Однажды я решила сделать ему сюрприз и приехать встретить его после работы. Вместе доехать домой, по дороге пообщаться… А то почему-то выходило так, что приходя с работы, Поля был настолько уставший, что не мог ни слова со мной сказать. Разложит карты или домино — я еще до свадьбы знала, что он очень любит разные игры — посмотрит на меня, вздохнет, сметет все длинной, мосластой рукой на край стола и ляжет спать. Поля мог проспать двенадцать часов кряду, а то и больше. Он уставал — под землей, без воздуха, тяжелая, ответственная работа… Поля работал диспетчером на станции «Тульская», отправлял поезда.

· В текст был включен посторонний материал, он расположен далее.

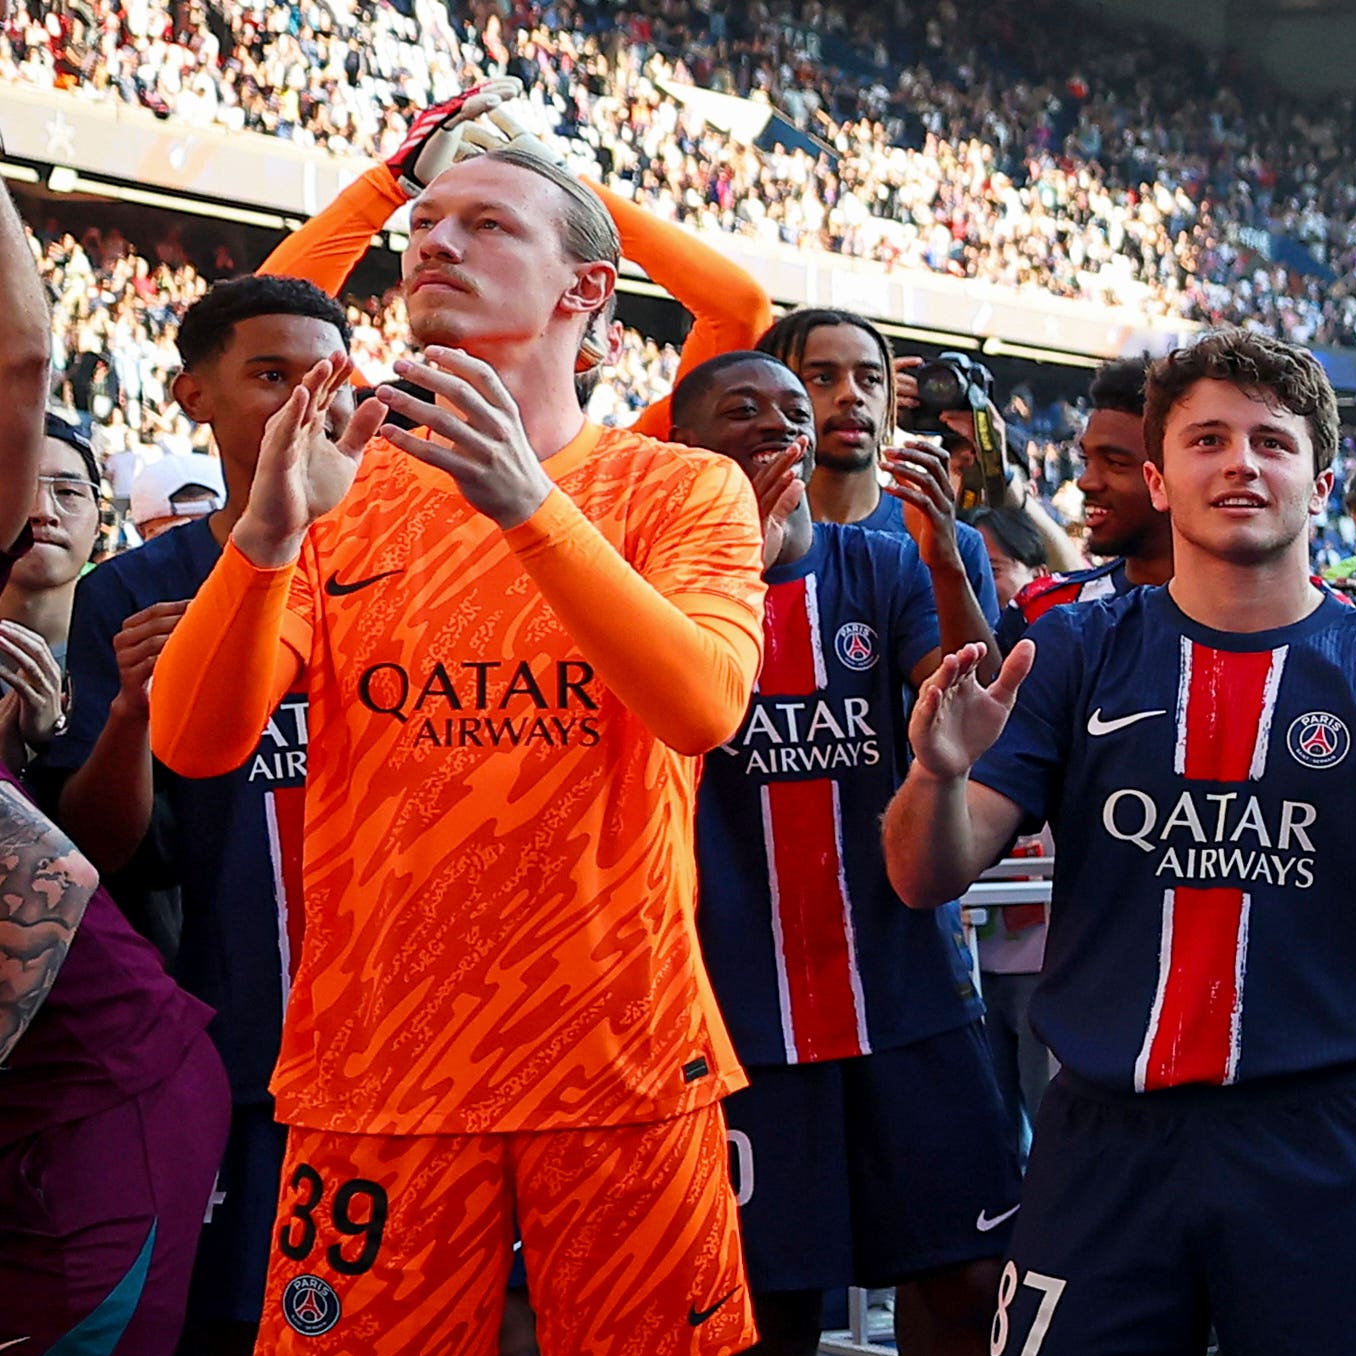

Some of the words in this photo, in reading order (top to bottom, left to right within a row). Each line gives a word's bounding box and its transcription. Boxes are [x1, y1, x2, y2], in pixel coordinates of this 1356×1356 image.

[840, 625, 870, 637] PARIS
[358, 660, 599, 723] QATAR
[413, 716, 600, 747] AIRWAYS
[720, 698, 877, 757] ATAR
[1301, 715, 1342, 732] PARIS
[745, 740, 880, 775] AIRWAYS
[1102, 789, 1318, 853] QATAR
[1155, 847, 1315, 889] AIRWAYS
[280, 1163, 389, 1276] 39
[293, 1280, 329, 1297] PARIS

И вот я, взяв с собой бутерброды с его любимой белой рыбкой и баночку финского пива «Кофф», которую специально для Поли попросила у папы, поехала на станцию «Тульская». Очень странно, но никто не знал там ни Аполлона, ни Полю Сучкова. И в полностью автоматизированной диспетчерской работала только одна женщина-техник, следила за тем, чтобы все компьютеры были включены и работали…

Я вернулась обратно домой. Поля уже лежал на диване и недовольно поглядывал на меня, пока я неторопливо раздевалась, думая, как же начать трудный разговор. Как следует рассмотрев, что я очень привлекательно одета (он разрешал мне одеваться так только на выход с ним), и заметив, что я достала из сумки баночку редкого пива, Поля рванулся с дивана и, не очень хорошо нацелившись, врезал мне кулаком в лицо. Как он говорил потом, он целился в пиво, а попал мне прямиком в челюсть. Почему уцелели зубы — остается для меня приятной загадкой, не хочу ее разгадывать. Возможно, все же, несмотря на несоблюдение мною ортодоксальных правил православия, мой ангел-хранитель летал тогда рядом и все, что мог сделать, это отвести Полину руку от глаз, куда явно метил Поля, и ослабить удар.

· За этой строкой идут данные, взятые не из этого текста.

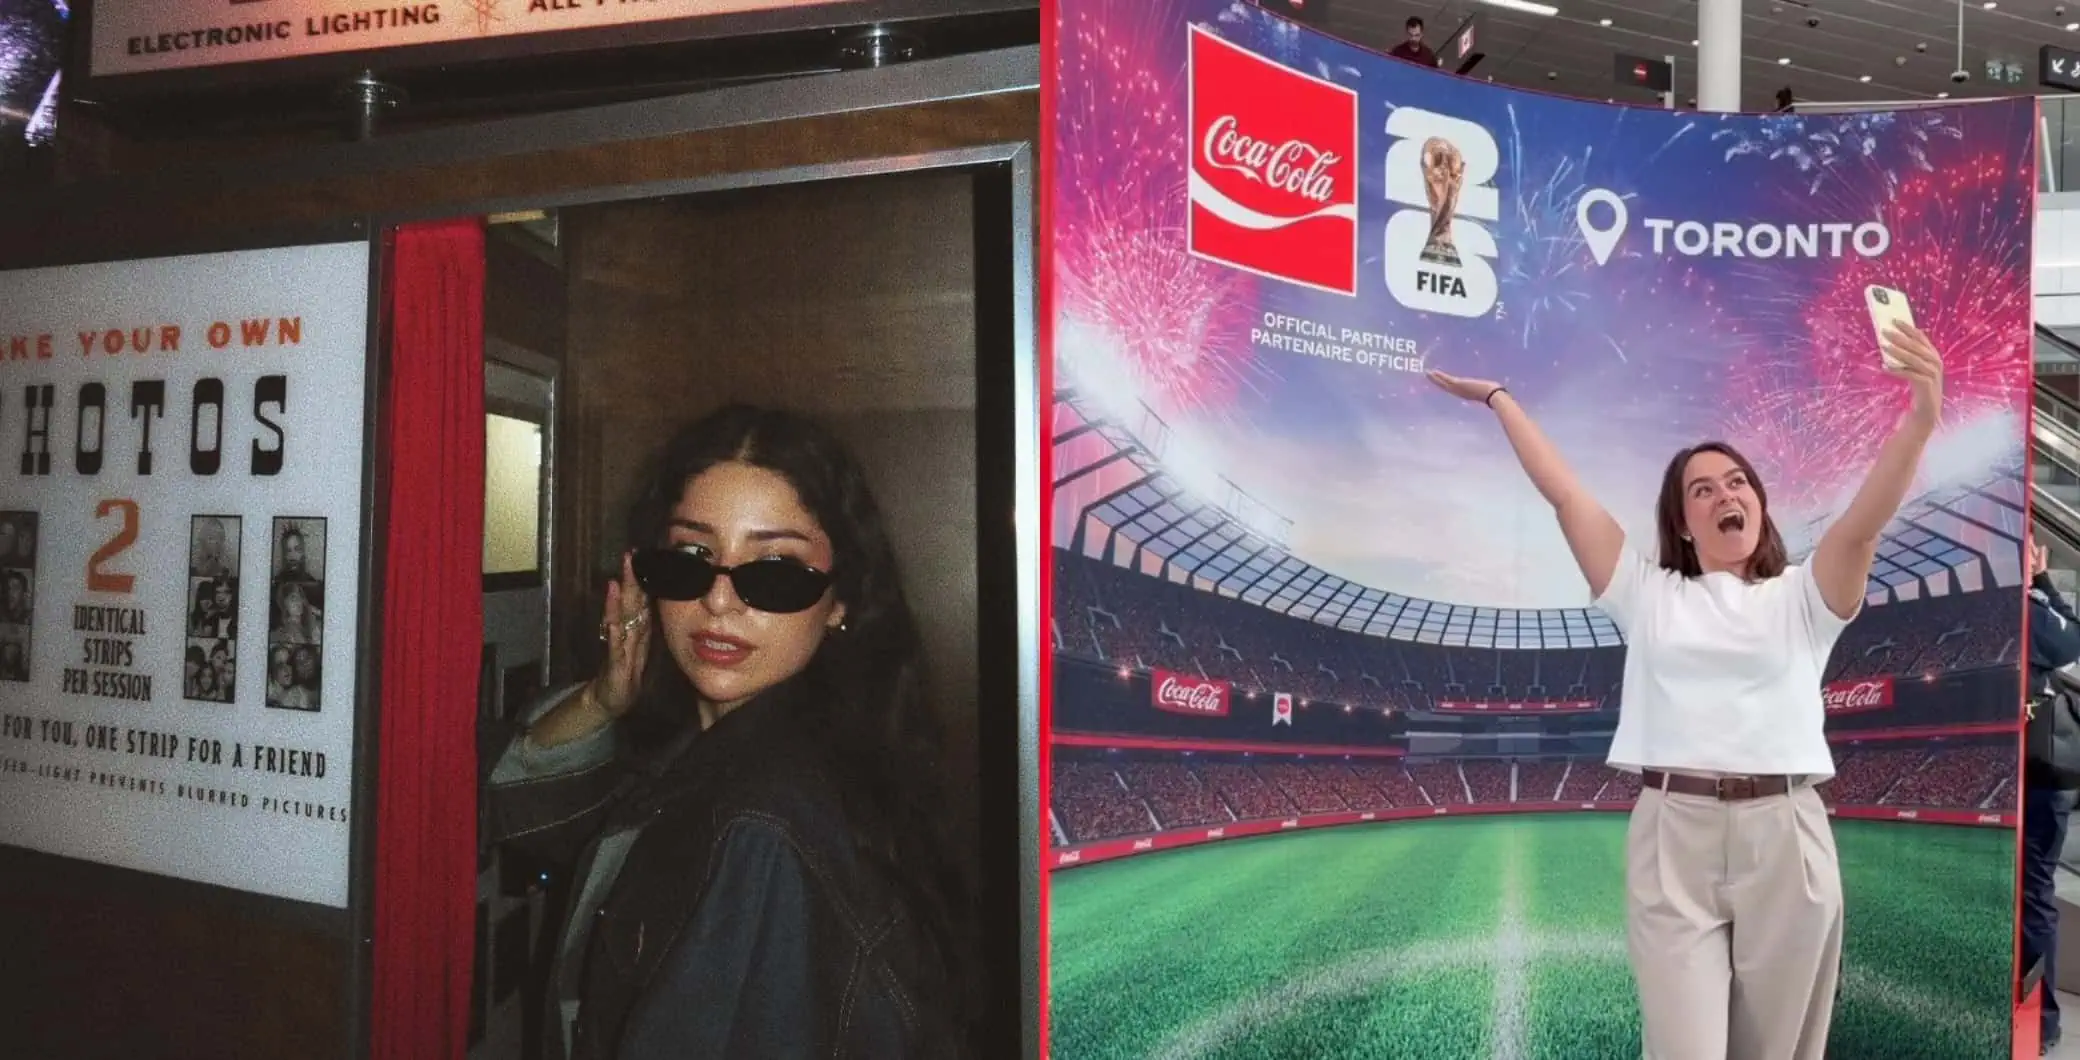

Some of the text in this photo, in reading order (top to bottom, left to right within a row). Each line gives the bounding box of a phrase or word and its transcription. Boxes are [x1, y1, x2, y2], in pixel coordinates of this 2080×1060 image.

[127, 21, 292, 56] ELECTRONIC
[305, 4, 440, 36] LIGHTING
[1203, 114, 1343, 203] Coca-Cola
[1643, 217, 1890, 258] TORONTO
[1416, 270, 1467, 298] FIFA
[0, 316, 301, 361] KE YOUR OWN
[1251, 328, 1353, 363] PARTENAIRE
[1263, 312, 1418, 355] OFFICIAL PARTNER
[20, 375, 287, 476] HOTOS
[85, 498, 140, 593] 2
[73, 605, 146, 635] IDENTICAL
[83, 638, 133, 667] STRIPS
[62, 667, 152, 702] PER SESSION
[3, 714, 326, 779] FOR YOU, ONE STRIP FOR A FRIEND
[90, 771, 165, 795] PREVENTS
[178, 784, 248, 808] BLURRED
[262, 797, 348, 823] PICTURES

Со свернутой набок челюстью я пошла к папе. Папа взял было дедушкино фамильное ружье, с великолепным резным прикладом, из которого последний раз стрелял прадедушка на охоте как раз перед русско-японской войной, и хотел проучить Полю. Но я пожалела папу, уже зная хитрый и непредсказуемый нрав супруга. Могло произойти что-нибудь неожиданное, и ружье оказалось бы в руках Аполлона…

Кое-как мы с папой вдвоем вправили мне челюсть обратно. Я переночевала у него, а на следующий день решилась пойти домой, поговорить с Полей, предложить ему расстаться с миром, если так все сложно у нас получается. Вернее, не получается никак. Сворачивая к своему дому из папиного двора, я увидела, как из подъезда стремительно вышел Поля. Не знаю, почему я вдруг это сделала, но ни разу потом не пожалела о своем не очень красивом поступке. Я пошла за ним следом.

Поля сел в троллейбус, а я поймала машину и попросила водителя ехать за троллейбусом.

Поля доехал до метро. Я вышла из машины и, стараясь затеряться в быстро редеющей толпе пассажиров (было уже около двенадцати дня), вошла вслед за ним в метро. Поля доехал до станции «Беговая» и вышел. Я обратила внимание, что походка его была непривычно легкой и как будто радостной.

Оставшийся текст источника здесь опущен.